You must remain on this page to hear the clip, or you can download the clip and listen later.

Bell Admits Usage Billing is About Smashing Independent Competition

During the third day of hearings on usage-based billing, Mirko Bibic from Bell admitted that usage-based billing “prevents [other ISPs] from differentiating their offers from our own.”

That remarkable admission is exactly what independent Internet Service Providers have been arguing since the issue of wholesale usage-based billing was first proposed by Canada’s largest broadband supplier.

Independent providers have managed to carve out a niche supplying primarily residential DSL customers with flat rate usage plans, made possible because of wholesale access provisions assured under Canada’s telecommunications regulations.  As Bell, Rogers, Shaw, and Videotron have systematically imposed usage limits on their residential customers (and occasionally lowered them), consumers seeking better value have found it from smaller ISPs that still offer unlimited access.

As Bell frets over its inability to reap retail revenue from customers departing for other providers, the idea of imposing usage-based billing on wholesale accounts ends that revenue erosion once and for all.  As Bell admits, it forces every provider in Canada to charge the same high prices they do for Internet access.
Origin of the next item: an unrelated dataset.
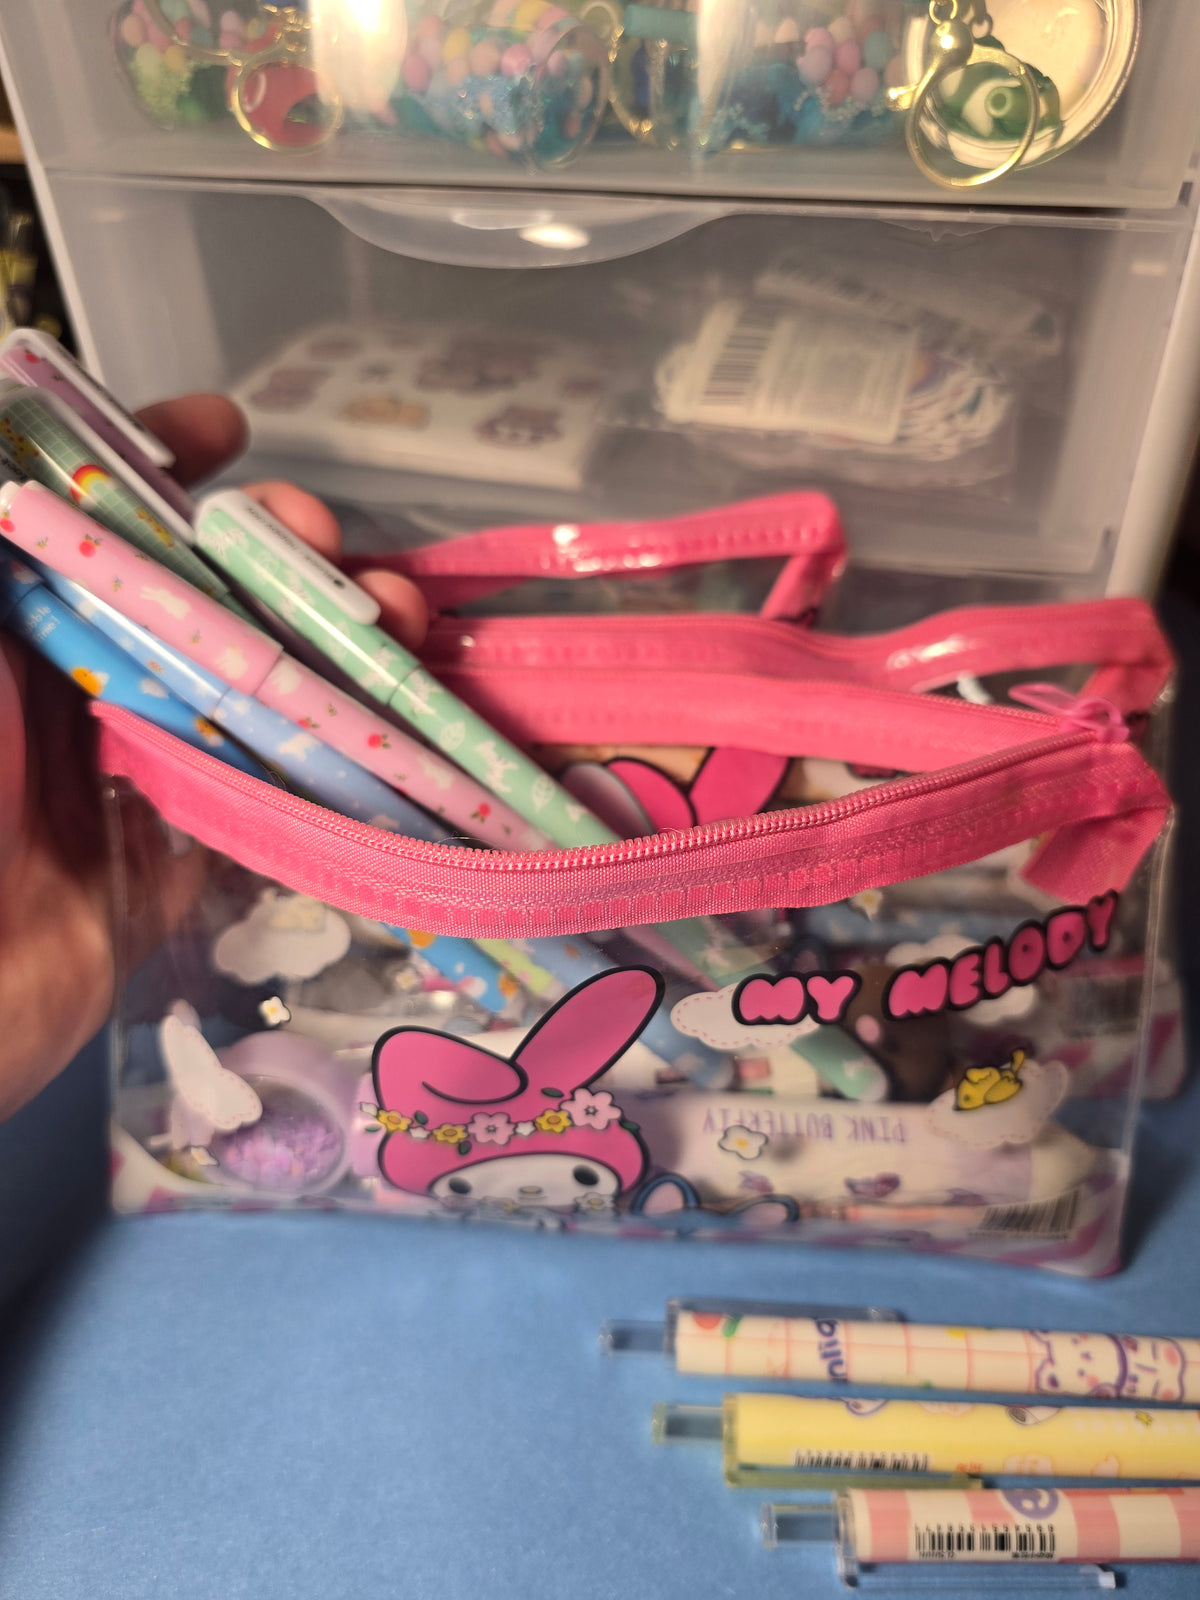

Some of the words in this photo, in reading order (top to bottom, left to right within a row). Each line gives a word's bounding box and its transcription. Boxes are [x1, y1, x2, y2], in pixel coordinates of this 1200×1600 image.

[733, 973, 860, 1024] MY
[884, 890, 1118, 1020] MELODY
[844, 1114, 907, 1144] PINK
Canada’s telecom regulator, the CRTC, still cannot define what a “heavy user” is, and neither could Bibic.  But with these pricing schemes, now they don’t have to.  Imposing higher prices with vague promises that the resulting revenue will expand Canada’s broadband networks is eerily familiar to what Time Warner promised residents in several major cities, and then didn’t deliver.

In western New York, the cable company promised a new generation of blazing fast speeds on a world class broadband network, as long as customers agreed to pay up to $150 for unlimited residential service per month.  The old price was $50.  But the cable company provided those upgrades in other cities instead — without usage based pricing.  No wonder residents were furious.  After two weeks of protest, Time Warner threw in the towel.

Two years later, the promised upgrades are finally slated to arrive, long after being made available in most large cities in New York State.

Provider-promised bait and switch broadband upgrades merely represent sucker bets, and no one except the provider wins.

If Bell gets its way, there will be no reason for anyone to do business with an independent service provider.  They’ll be forced to charge increased prices, sometimes even higher than Bell itself.